Mając na uwadze powyższe zaznaczyć należy, że powód wezwał pozwanego przewoźnika do zapłaty, pismem z 10 kwietnia 2019 r., w którym został zakreślony 7- dniowy termin na spełnienie świadczenia od dnia otrzymania wezwania. Jak wynika z przedstawionego przez powoda „śledzenia przesyłki” powód odebrał wezwanie do zapłaty w dniu 15 kwietnia 2019 r. Mając zatem na uwadze zakreślony w wezwaniu termin należało zasądzić odsetki od dnia 23 kwietnia 2019 r. do dnia zapłaty, oddalając żądanie odsetkowe dalej idące jako bezzasadne.
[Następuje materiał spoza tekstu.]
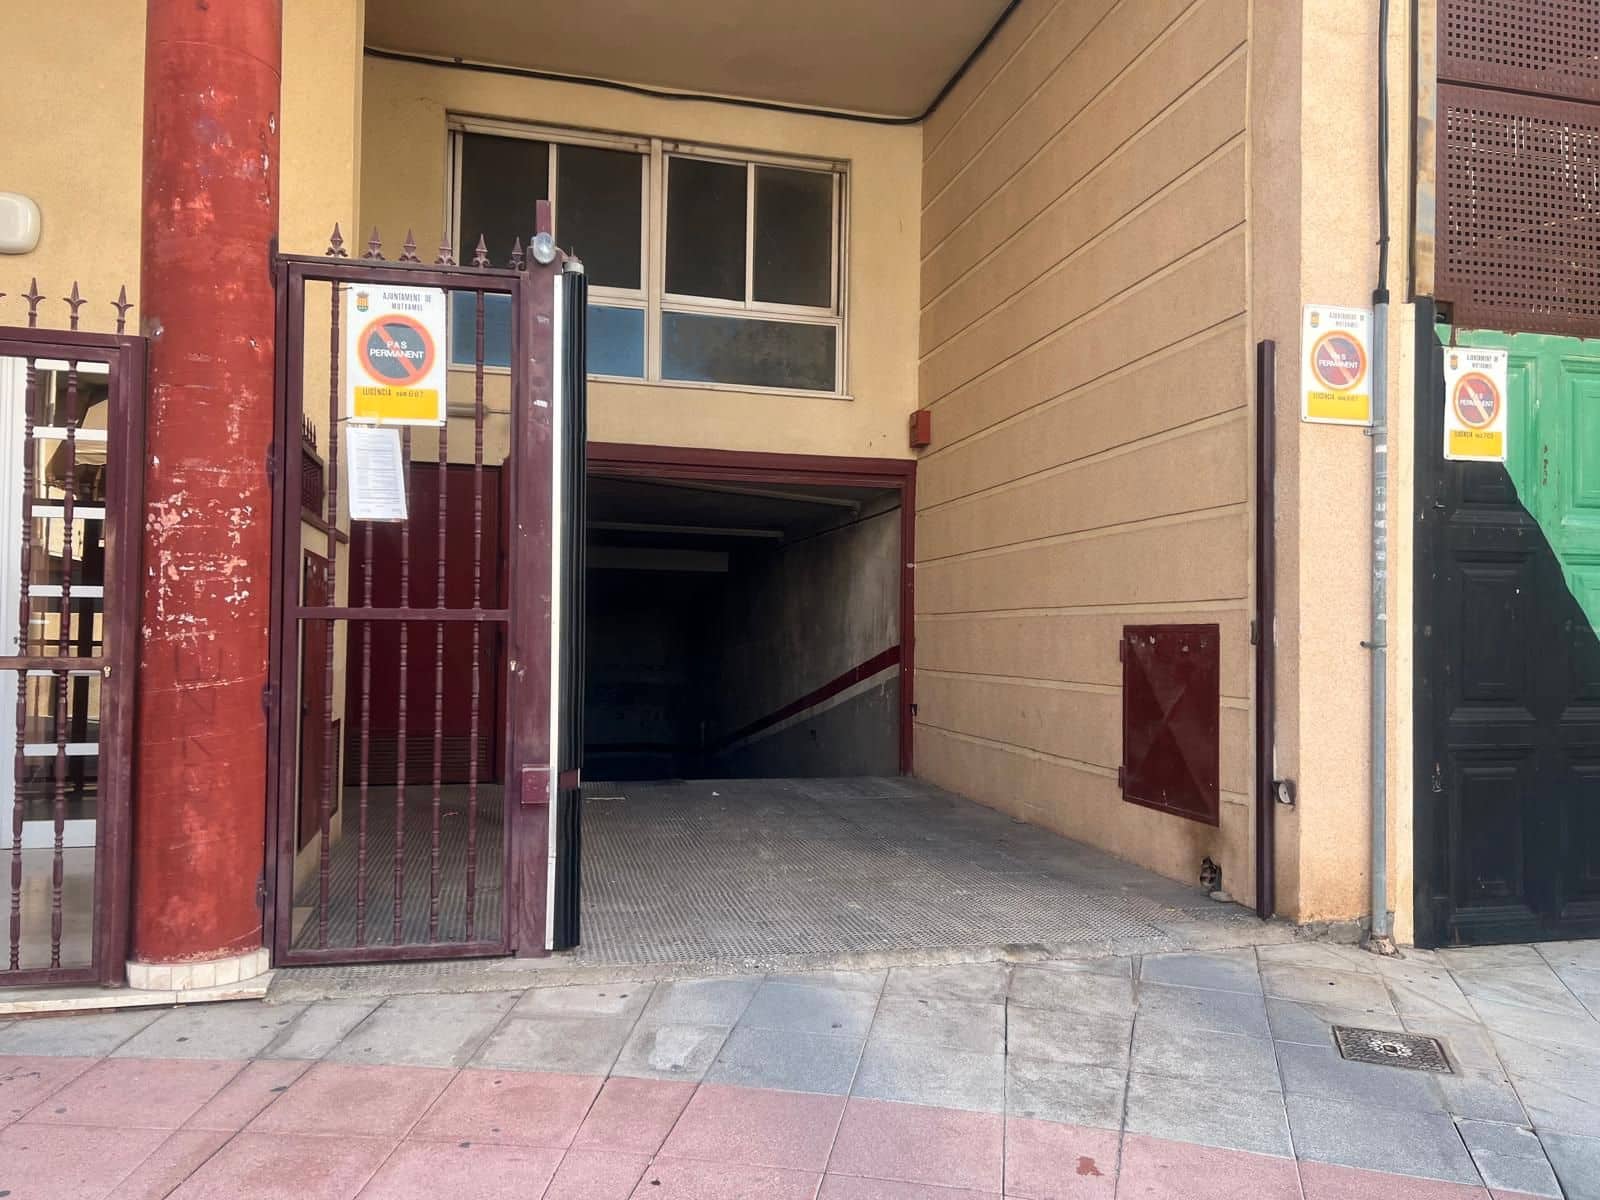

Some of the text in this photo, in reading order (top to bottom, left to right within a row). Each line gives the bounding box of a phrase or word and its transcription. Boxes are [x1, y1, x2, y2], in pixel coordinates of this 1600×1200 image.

Tym samym Sąd Okręgowy zmienił zaskarżony wyrok w ten sposób, iż zasądził od pozwanego na rzecz powoda kwotę 600 euro wraz z ustawowymi odsetkami za opóźnienie od dnia 23 kwietnia 2019 r. do dnia zapłaty, oddalając powództwo w pozostałym zakresie, o czym sąd orzekł na podstawie art. 386 § 1 k.p.c.

O kosztach procesu w postępowaniu przed Sądem I instancji orzeczono rozstrzygając na podstawie art. 100 k.p.c. Zgodnie z art. 100 k.p.c. Sąd może włożyć na jedną ze stron obowiązek zwrotu wszystkich kosztów, jeżeli jej przeciwnik uległ tylko co do nieznacznej części swego żądania. Przewidziane w zd. 2 art. 100 k.p.c. obciążenie przeciwnika obowiązkiem zwrotu wszystkich kosztów w sytuacji, gdy strona uległa tylko co do nieznacznej części żądania należy odnieść do sytuacji, w której jest to wartość tak nieznaczna, że w określonej sytuacji życiowej strona nie wdałaby się w proces, gdyby takiego roszczenia miała dochodzić lub przed takim się bronić. Taka sytuacja ma miejsce w niniejszej sprawie. Wobec powyższego Sąd Okręgowy zasądził od pozwanego na rzecz powoda zwrot kosztów procesu w łącznej wysokości 1117,00 zł. Na koszty złożyła się opłata od pozwu w wysokości 200,00 złotych, opłata od pełnomocnictwa w wysokości 17 złotych, a także wynagrodzenie pełnomocnika w wysokości 900 złotych ustalone na podstawie § 2 ust. 3 rozporządzenia Ministra Sprawiedliwości z dnia 22 października 2015 r. w sprawie opłat za czynności radców prawnych.

O kosztach instancji odwoławczej Sąd Okręgowy orzekł na podstawie art. 98 § 1 i 3 k.p.c. i zasądził od pozwanego na rzecz powoda zwrot kosztów procesu w łącznej wysokości 650,00 zł. Na koszty złożyła się opłata od apelacji w wysokości 200,00 zł, a także wynagrodzenie pełnomocnika w wysokości 450 złotych ustalone na podstawie § 2 ust. 3 w zw. z § 10 ust. 1 pkt 1 rozporządzenia Ministra Sprawiedliwości z dnia 22 października 2015 r. w sprawie opłat za czynności radców prawnych.